═════ Material provided

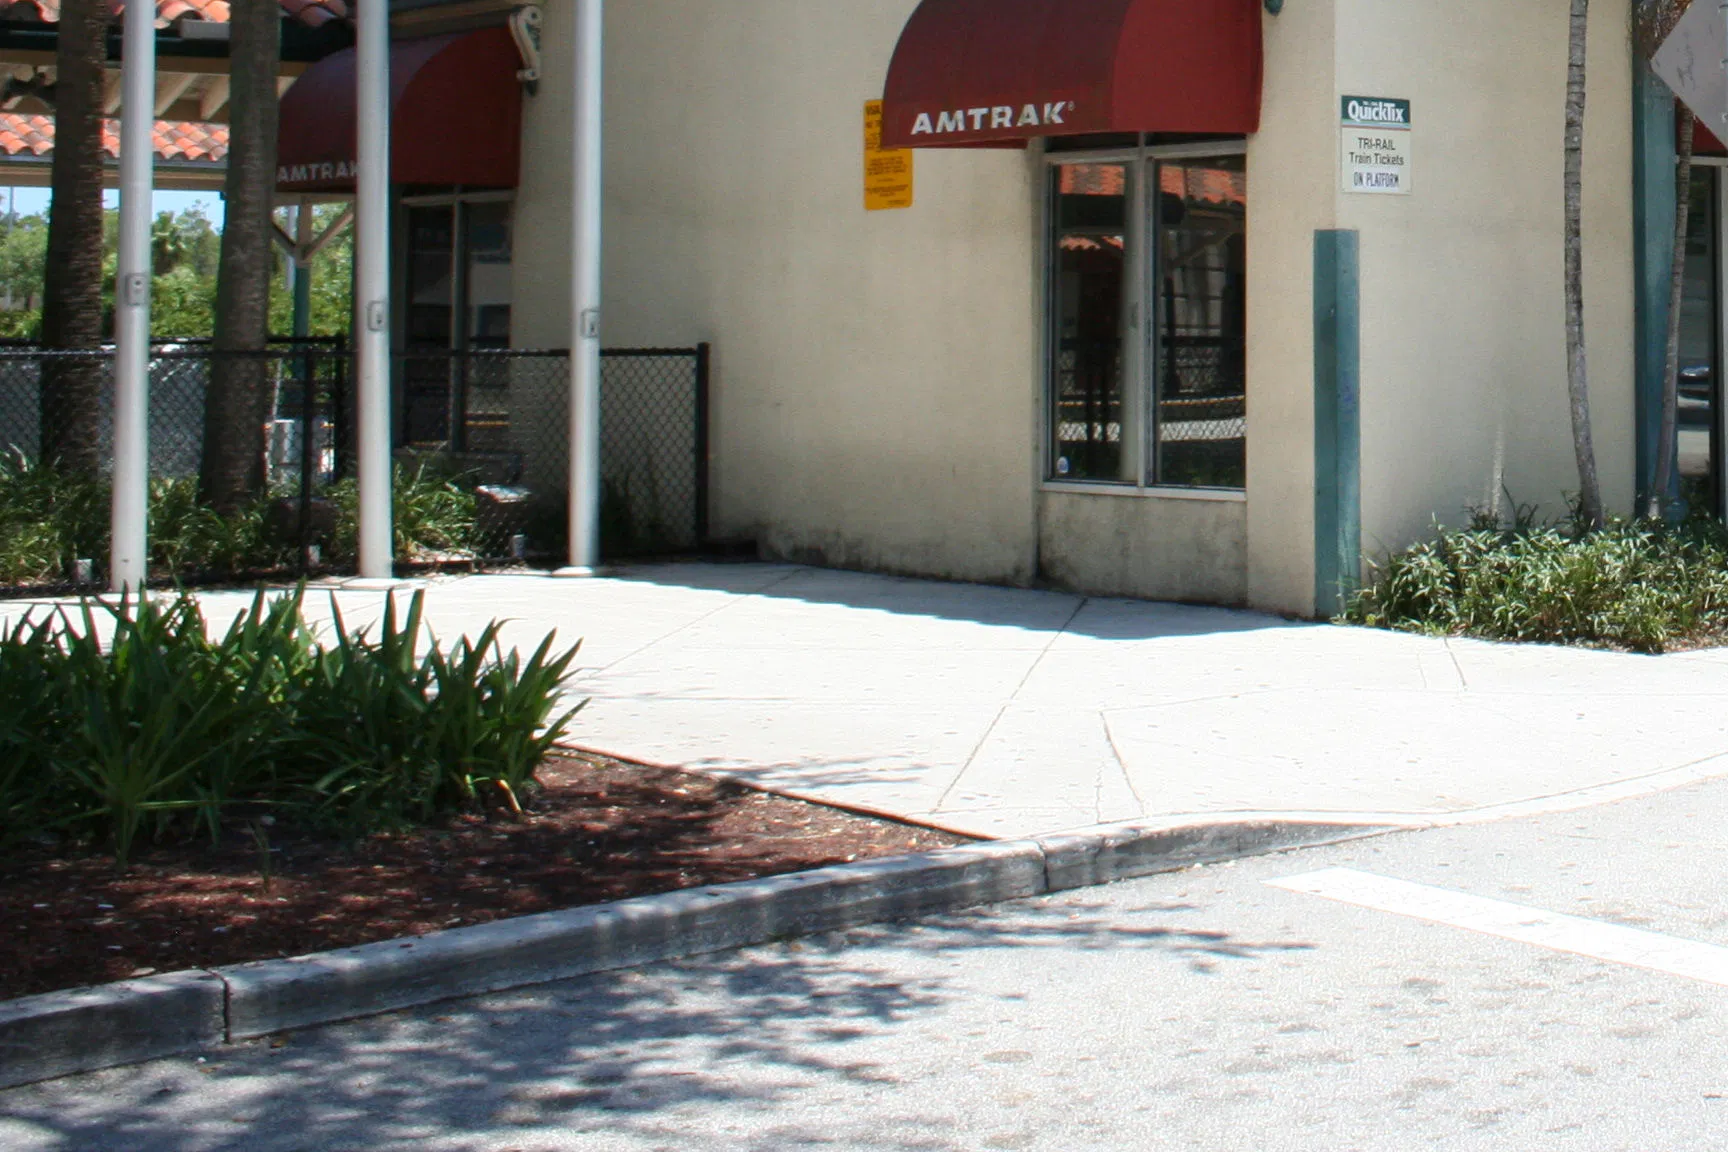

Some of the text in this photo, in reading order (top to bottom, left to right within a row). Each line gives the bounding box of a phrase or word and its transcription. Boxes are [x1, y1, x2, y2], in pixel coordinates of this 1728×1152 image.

[910, 100, 1067, 136] AMTRAK
[1347, 99, 1404, 123] QuickTix
[1358, 137, 1396, 150] TRI-RAIL
[1349, 152, 1404, 166] Train Tickets
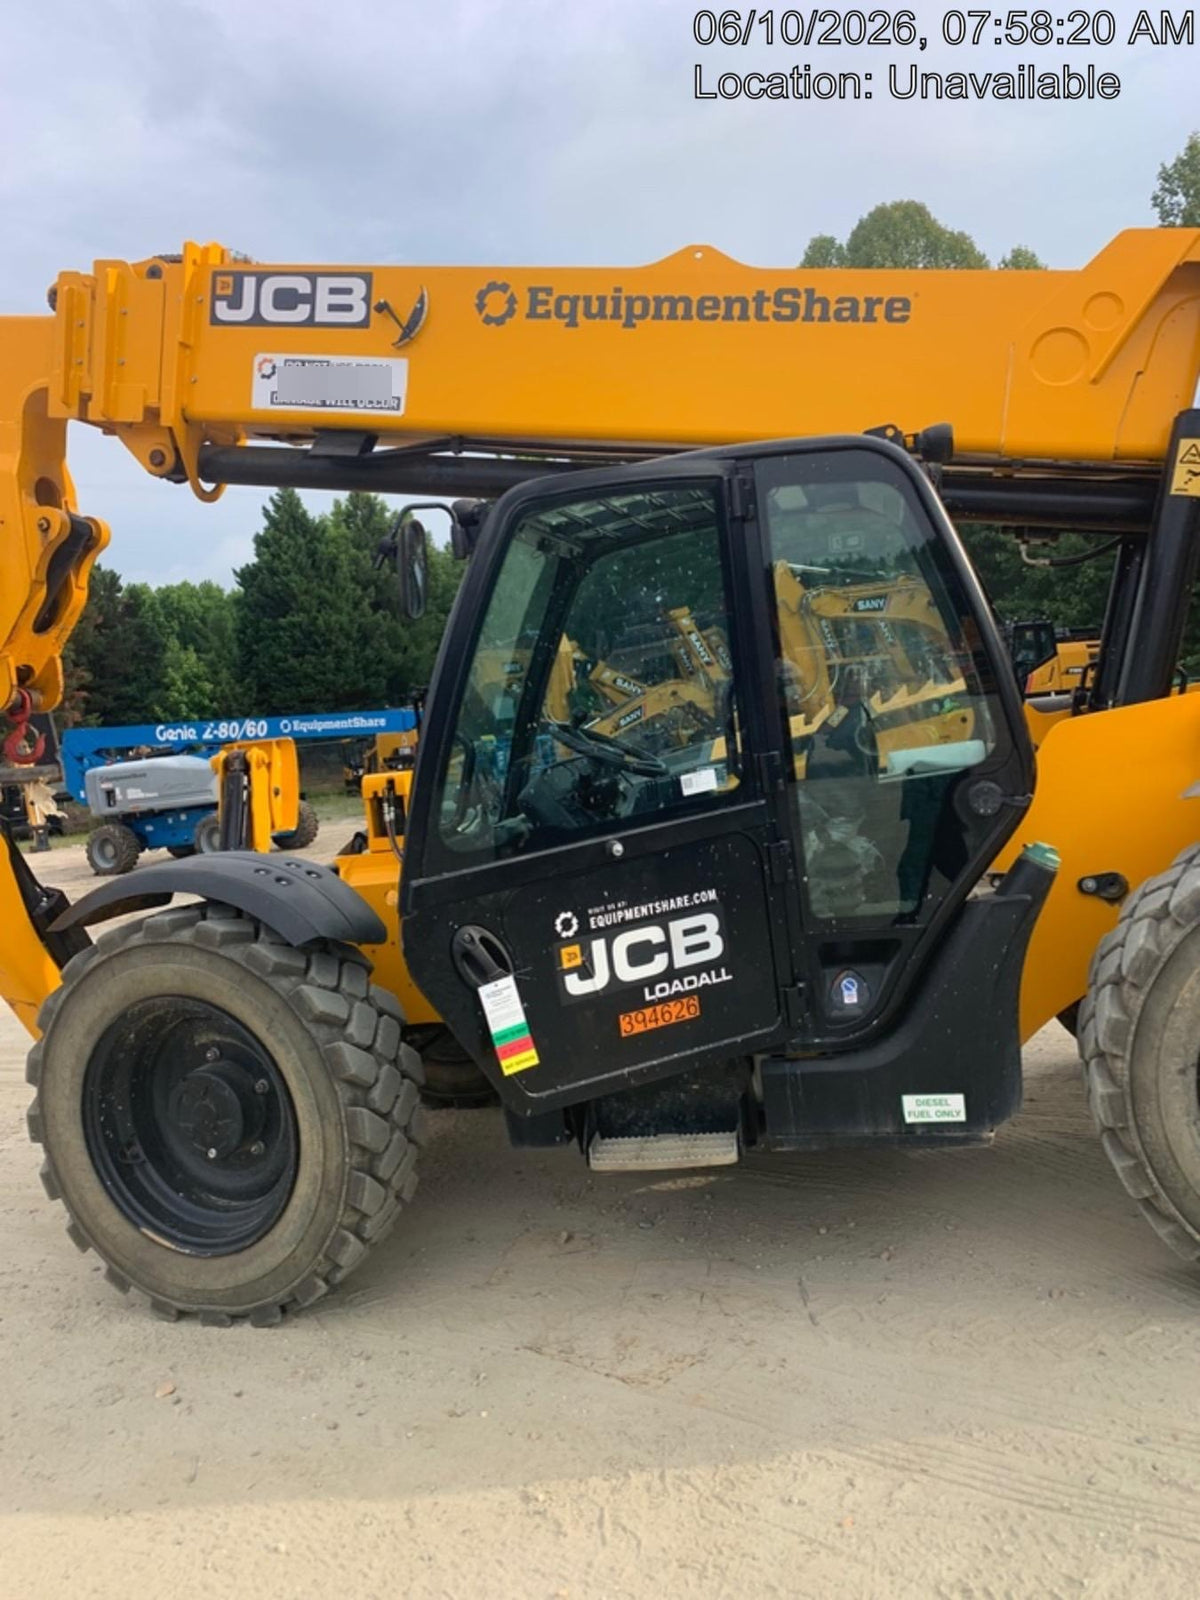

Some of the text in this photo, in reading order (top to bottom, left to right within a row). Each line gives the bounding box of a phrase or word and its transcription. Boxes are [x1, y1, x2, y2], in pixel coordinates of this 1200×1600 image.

[214, 276, 367, 322] JCB
[525, 286, 912, 329] EquipmentShare
[857, 598, 885, 611] SANY
[688, 632, 714, 667] SANY
[615, 677, 642, 695] SANY
[155, 720, 268, 742] Genie Z-80/60
[292, 716, 387, 733] EquipmentShare
[619, 707, 643, 727] SANY
[589, 888, 718, 929] EQUIPMENTSHARE.COM
[564, 912, 724, 996] JCB
[644, 967, 733, 1002] LOADALL
[621, 997, 699, 1035] 394626
[908, 1109, 961, 1118] FUEL ONLY
[915, 1097, 951, 1107] DIESEL
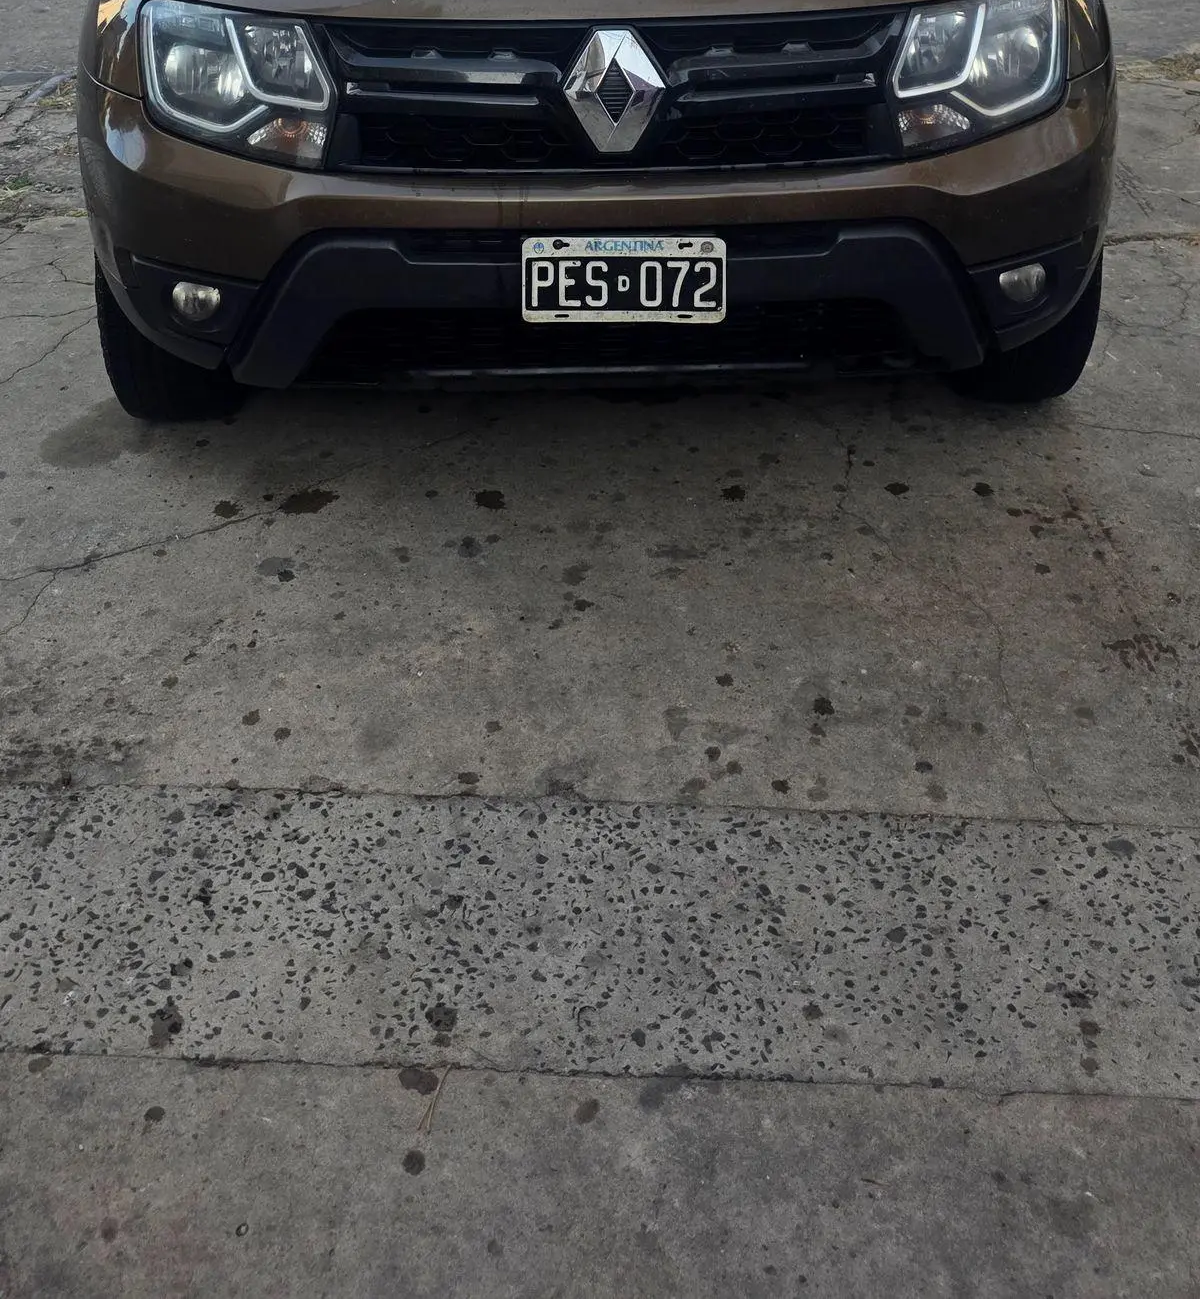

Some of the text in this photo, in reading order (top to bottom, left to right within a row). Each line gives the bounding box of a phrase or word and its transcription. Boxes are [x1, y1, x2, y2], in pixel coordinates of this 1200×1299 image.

[584, 239, 665, 252] ARGENTINA
[531, 260, 717, 307] PES D 072

══════════

▸ **Task details**:
All of the data above should be transcribed verbatim, with pictures omitted.

▸ **Written answer**:
Some of the text in this photo, in reading order (top to bottom, left to right within a row). Each line gives the bounding box of a phrase or word and its transcription. Boxes are [x1, y1, x2, y2], in pixel coordinates of this 1728×1152 image.

[910, 100, 1067, 136] AMTRAK
[1347, 99, 1404, 123] QuickTix
[1358, 137, 1396, 150] TRI-RAIL
[1349, 152, 1404, 166] Train Tickets

Some of the text in this photo, in reading order (top to bottom, left to right within a row). Each line gives the bounding box of a phrase or word and its transcription. Boxes are [x1, y1, x2, y2], in pixel coordinates of this 1200×1600 image.

[214, 276, 367, 322] JCB
[525, 286, 912, 329] EquipmentShare
[857, 598, 885, 611] SANY
[688, 632, 714, 667] SANY
[615, 677, 642, 695] SANY
[155, 720, 268, 742] Genie Z-80/60
[292, 716, 387, 733] EquipmentShare
[619, 707, 643, 727] SANY
[589, 888, 718, 929] EQUIPMENTSHARE.COM
[564, 912, 724, 996] JCB
[644, 967, 733, 1002] LOADALL
[621, 997, 699, 1035] 394626
[908, 1109, 961, 1118] FUEL ONLY
[915, 1097, 951, 1107] DIESEL

Some of the text in this photo, in reading order (top to bottom, left to right within a row). Each line gives the bounding box of a phrase or word and its transcription. Boxes are [x1, y1, x2, y2], in pixel coordinates of this 1200×1299 image.

[584, 239, 665, 252] ARGENTINA
[531, 260, 717, 307] PES D 072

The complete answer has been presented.